1 INTRODUÇÃO
Antes de passarmos a abordar o Direito Ambiental do Trabalho do ponto de vista mais dogmático, mister se faz um estudo minucioso da principiologia que envolve o mencionado tema.
Para tanto, nos socorreremos das lições de Ruy Samuel Espínola[1], que leciona acerca das noções gerais do conceito de princípios:
Desenvolvendo este raciocínio, torna-se necessário sublinhar que o termo princípio é utilizado, indistintamente, em vários campos do saber humano, Filosofia, Teologia, Sociologia, Política, Física, Direito e outros servem-se dessa categoria para estruturarem, muitas vezes, um sistema ou conjunto articulado de conhecimentos a respeito dos objetos cognoscíveis exploráveis na própria esfera de investigação e de especulação a cada uma dessas áreas do saber.
(...)
Pode-se concluir que a idéia de princípio ou sua conceituação, seja lá qual for o campo do saber que se tenha em mente, designa a estruturação de um sistema de idéias, pensamentos ou normas por uma idéia mestra, por um pensamento chave, por uma baliza normativa, donde todas as demais idéias, pensamentos ou normas derivam, se reconduzem e/ou subordinam.

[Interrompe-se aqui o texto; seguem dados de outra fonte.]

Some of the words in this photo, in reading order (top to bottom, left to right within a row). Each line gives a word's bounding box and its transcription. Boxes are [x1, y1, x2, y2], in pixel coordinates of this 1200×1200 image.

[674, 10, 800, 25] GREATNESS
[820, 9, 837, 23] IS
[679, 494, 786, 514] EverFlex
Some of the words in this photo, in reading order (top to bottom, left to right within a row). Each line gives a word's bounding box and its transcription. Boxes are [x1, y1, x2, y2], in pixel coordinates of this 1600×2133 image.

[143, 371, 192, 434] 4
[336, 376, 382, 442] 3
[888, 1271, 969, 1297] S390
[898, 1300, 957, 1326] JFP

Em adição ao exposto, colacionamos as palavras do professor Maurício Godinho Delgado[2]:
A palavra princípio traduz, na linguagem corrente, a idéia de ‘começo, início’, e, nesta linha, ‘o primeiro momento da existência de algo ou de uma ação ou processo’.

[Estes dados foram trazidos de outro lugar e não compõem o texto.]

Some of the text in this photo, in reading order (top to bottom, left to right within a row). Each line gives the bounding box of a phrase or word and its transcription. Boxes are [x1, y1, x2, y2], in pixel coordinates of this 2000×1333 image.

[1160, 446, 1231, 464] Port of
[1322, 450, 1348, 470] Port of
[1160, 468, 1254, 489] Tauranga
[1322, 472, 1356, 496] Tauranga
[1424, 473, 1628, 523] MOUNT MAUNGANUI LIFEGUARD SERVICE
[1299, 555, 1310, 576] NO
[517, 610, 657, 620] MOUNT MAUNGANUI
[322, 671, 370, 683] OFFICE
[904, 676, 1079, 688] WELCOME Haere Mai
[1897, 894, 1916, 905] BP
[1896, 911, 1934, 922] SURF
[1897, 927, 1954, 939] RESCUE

Mas traz, também, consigo o sentido de causa primeira, raiz, razão’ e, nesta medida, a idéia de aquilo ‘que serve de base a alguma coisa’.
Por extensão, significa, ainda, ‘proposição elementar e fundamental que serve de base a uma ordem de conhecimentos’ e, nesta dimensão, ‘proposição lógica fundamental sobre a qual se apoia o raciocínio.

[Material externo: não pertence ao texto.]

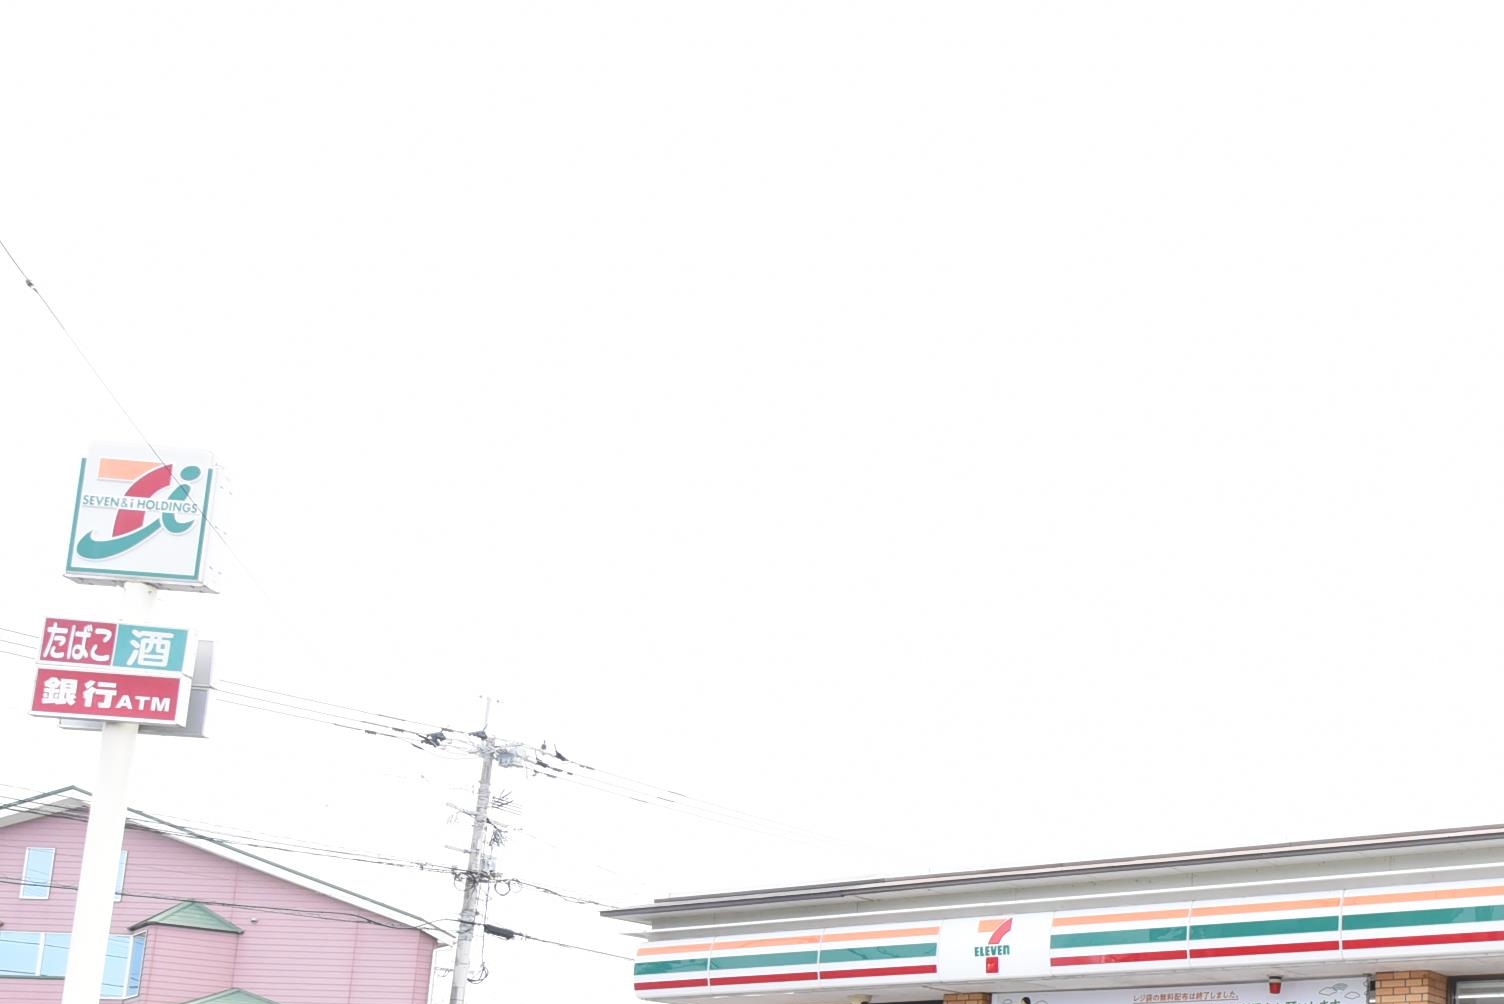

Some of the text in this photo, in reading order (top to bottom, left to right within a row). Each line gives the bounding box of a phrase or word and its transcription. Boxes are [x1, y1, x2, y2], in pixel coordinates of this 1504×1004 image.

[137, 500, 198, 513] HOLDINGS
[43, 622, 113, 662] たばこ
[126, 629, 174, 667] 酒
[41, 677, 171, 712] 銀行ATM
[1133, 990, 1239, 1002] レジ袋の無料配布は終了しました。

Assim, princípio traduz, de maneira geral, a noção de proposições fundamentais que se formam na consciência das pessoas e grupos sociais, a partir de certa realidade, e que, após tomadas, direcionam-se à compreensão, reprodução ou recriação dessa realidade.
Um dos grandes marcos na criação de uma teoria principiológica para o Direito Ambiental e aí englobado o Direito Ambiental do Trabalho foi, sem dúvida, as Conferências de Estocolmo, na Suécia (1972) e a ECO-92, realizada na cidade do Rio de Janeiro.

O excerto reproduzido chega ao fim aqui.